FIG 4.

circPIKfyve functions as a miRNA sponge of miR-21-3p. (A) Schematic illustration of circPIKfyve-wt and circPIKfyve-mut sequence cloned into pmirGLO luciferase reporter vectors. (B) The relative luciferase activities were detected in EPC after cotransfection with circPIKfyve-wt or circPIKfyve-mut and miR-21-3p mimic or NC. (C and D) The concentration gradient (C) and time gradient (D) experiments of miR-21-3p mimics were conducted. (E and F) circPIKfyve downregulated GFP expression.

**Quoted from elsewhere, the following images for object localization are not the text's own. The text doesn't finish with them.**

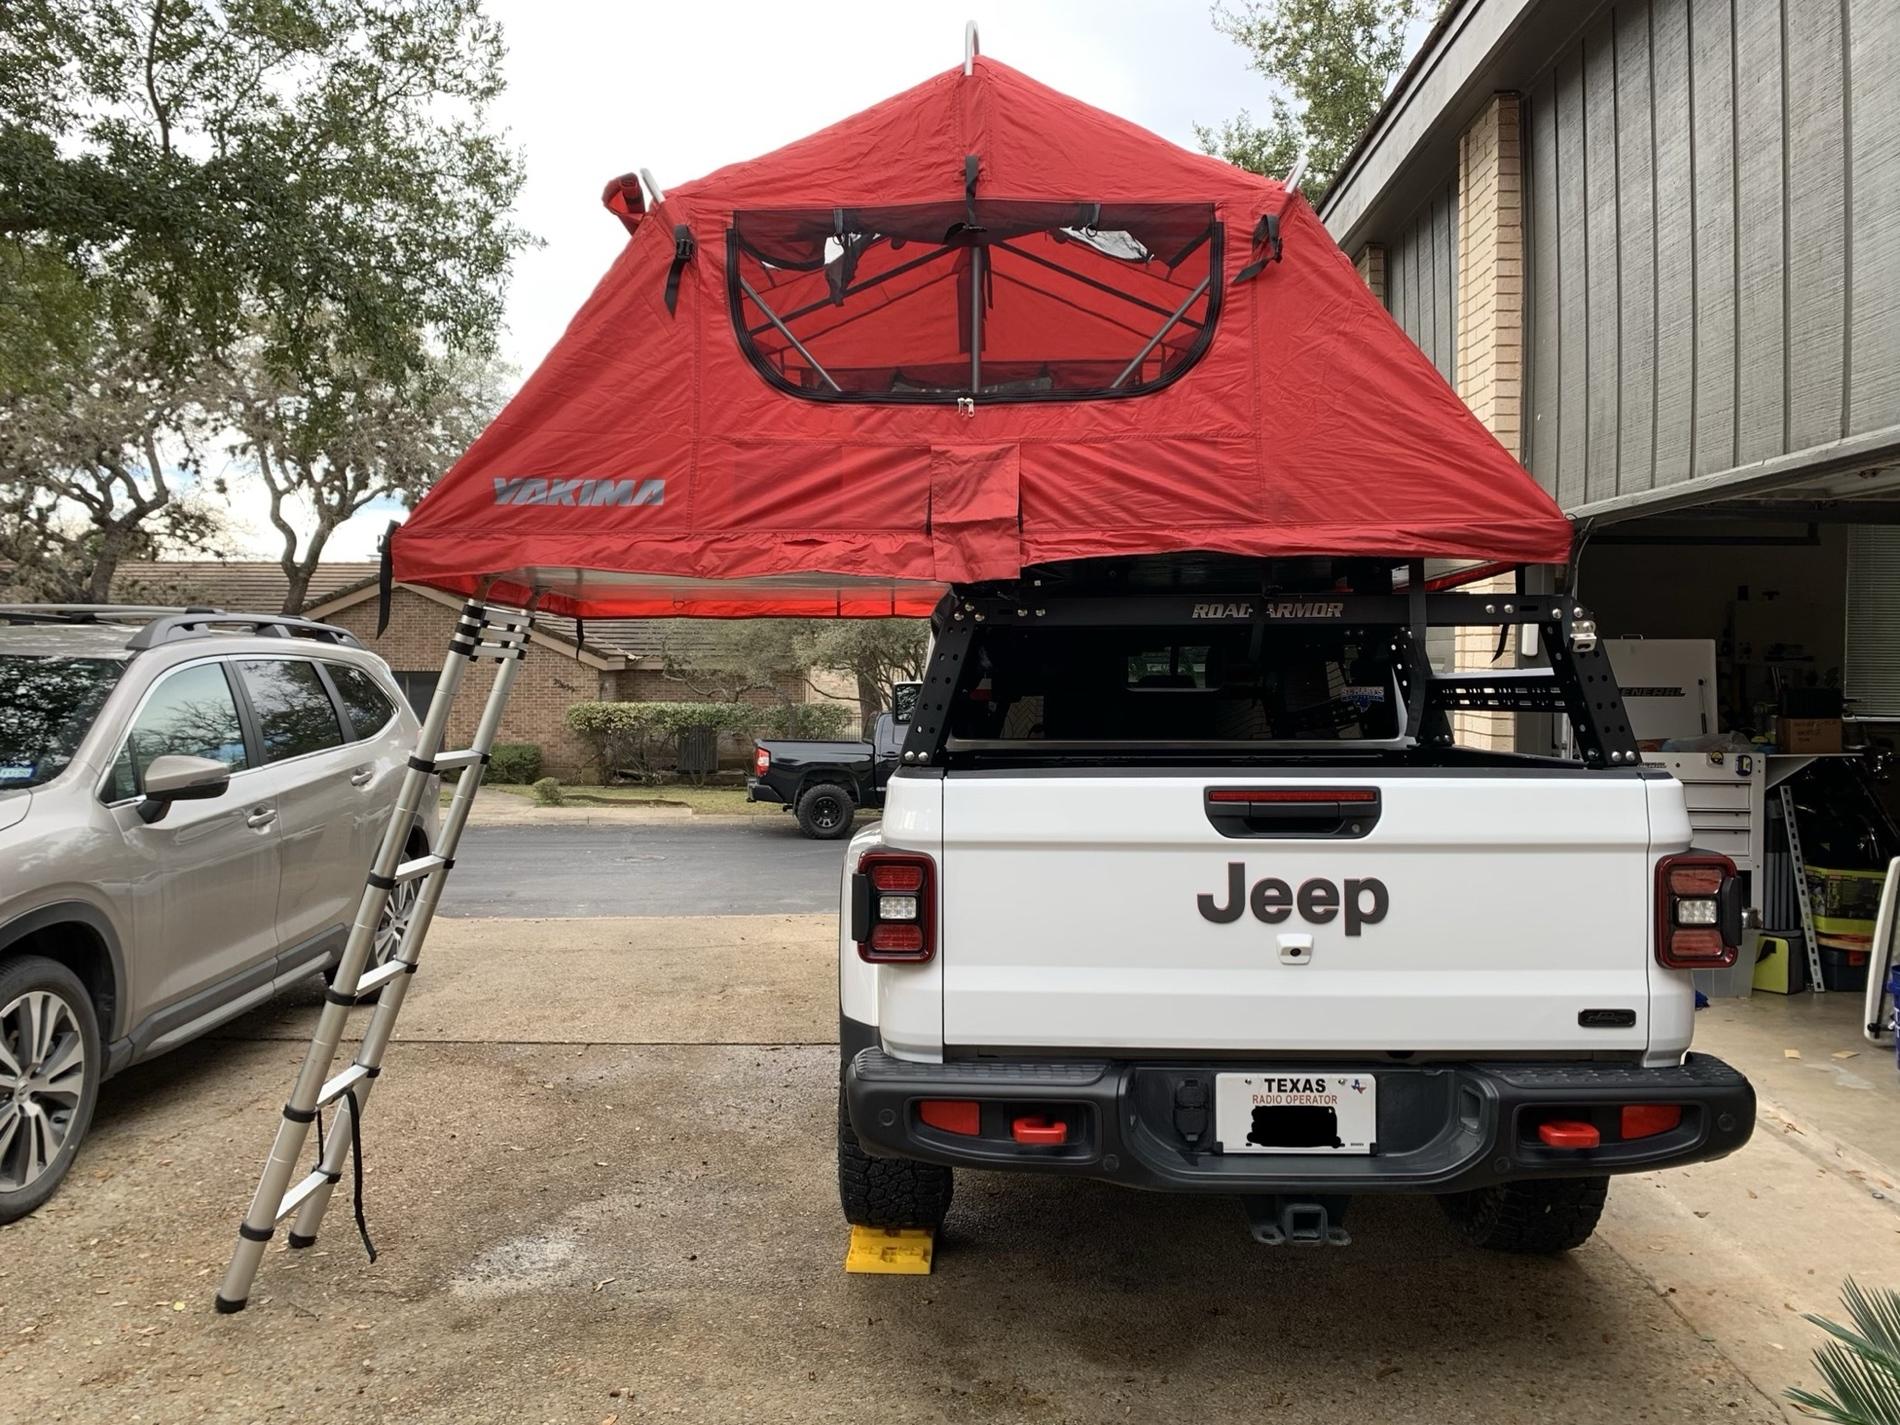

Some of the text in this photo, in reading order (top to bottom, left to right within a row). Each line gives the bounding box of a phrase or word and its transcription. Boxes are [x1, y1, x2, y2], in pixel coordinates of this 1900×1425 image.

[494, 478, 666, 506] YAKIMA
[1620, 687, 1686, 697] ENERAL
[1197, 862, 1389, 936] Jeep
[1264, 1078, 1326, 1093] TEXAS
[1252, 1094, 1338, 1105] RADIO OPERATOR

EPC were cotransfected with empty vector, circPIKfyve-wt or circPIKfyve-mut and miR-21-3p mimics, or NC. The fluorescence intensity and GFP expression were evaluated with an enzyme-labeling instrument and Western blotting, respectively. (G) The Ago2-RIP assay was executed in MIC after transfection with miR-21-3p mimics and NC, followed by qPCR to detect cirPIKfyve expression levels. (H and I) RNA pulldown assay was executed in MIC, followed by qPCR to detect the enrichment of miR-21-3p and circPIKfyve. (J) The MS2-RIP assay was executed in MIC after transfection with pcDNA3.1-MS2, pcDNA3.1-MS2-circPIKfyve, and pcDNA3.1-MS2-circPIKfyve-mut, followed by qPCR to detect the enrichment of miR-21-3p. All data represent the means ± SE from three independent triplicate experiments. *, P < 0.05; **, P < 0.01.